Tech_Demo_Booklamp from CGHM on Vimeo.

▼従来のエンジン
「ダビンチコード」購入者の多くが「書籍A」を購入している。
だから「ダビンチコード」を購入した人に「書籍A」をレコメンドする。

▼BookLampのエンジン
「ダビンチコード」は18.6%の宗教・宗教機関、9.4%の殺人捜査、8.2%のアート・アートギャラリー、6.7%の秘密結社を含むと判定。他に書籍の密度や尺を加味して判断し、ダビンチコードを購入した人に同じDNAを持つ「書籍B」をレコメンドする。

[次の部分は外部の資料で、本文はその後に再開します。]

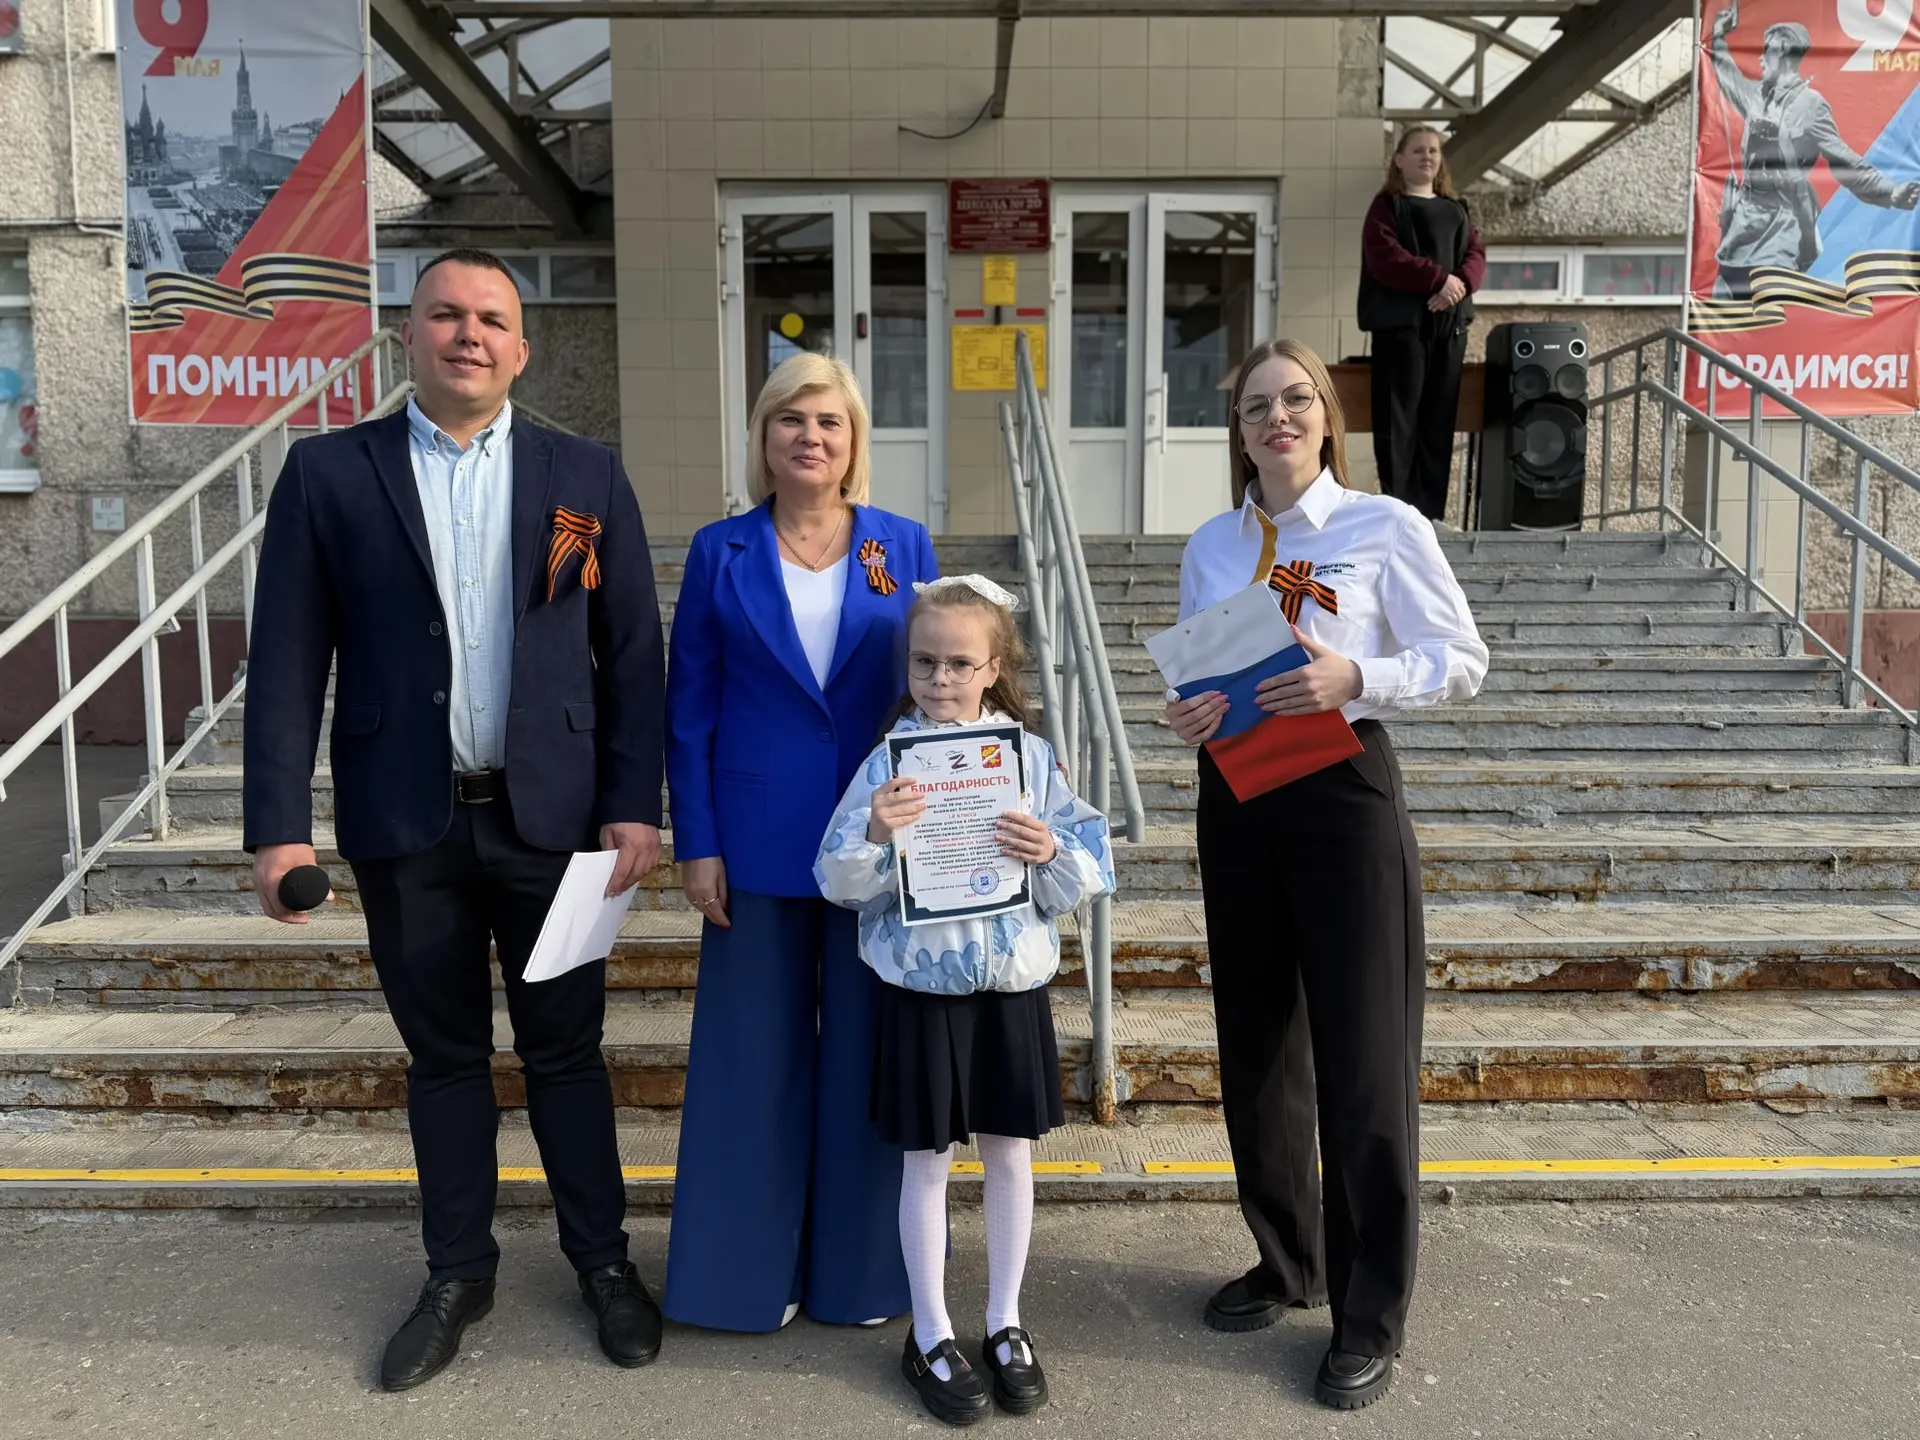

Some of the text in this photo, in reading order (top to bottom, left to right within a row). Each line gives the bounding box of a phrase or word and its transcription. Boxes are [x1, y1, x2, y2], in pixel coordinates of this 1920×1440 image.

[173, 56, 220, 77] МАЯ
[1873, 49, 1920, 72] МАЯ
[910, 776, 1010, 793] БЛАГОДАРНОСТЬ

BookLampはその判断基準が書籍内容なので、他のソーシャルレコメンデーションシステムに見られるような広告の影響を受けず、大きなユーザーベースも必要としません。なので、まだ売れていない作家の作品と読者を結びつけることができます。

音楽配信サービスに「Pandra」というものがあります。これはユーザー自身の好みの音楽を分析しピックアップしてくれるサービス。BookLampはこれの書籍版を目指しているようです。

僕が興味を持つのは「書籍のDNA」なるものが存在するなら、それをアルゴリズムで判断できるのかと言うこと。そして日本語でも同様のレコメンデーションが可能かと言うこと。

答えがYESの場合、それはコンピューターが脳に一歩ずつ近づいて来るようで、ちょっと気味悪い感じがします。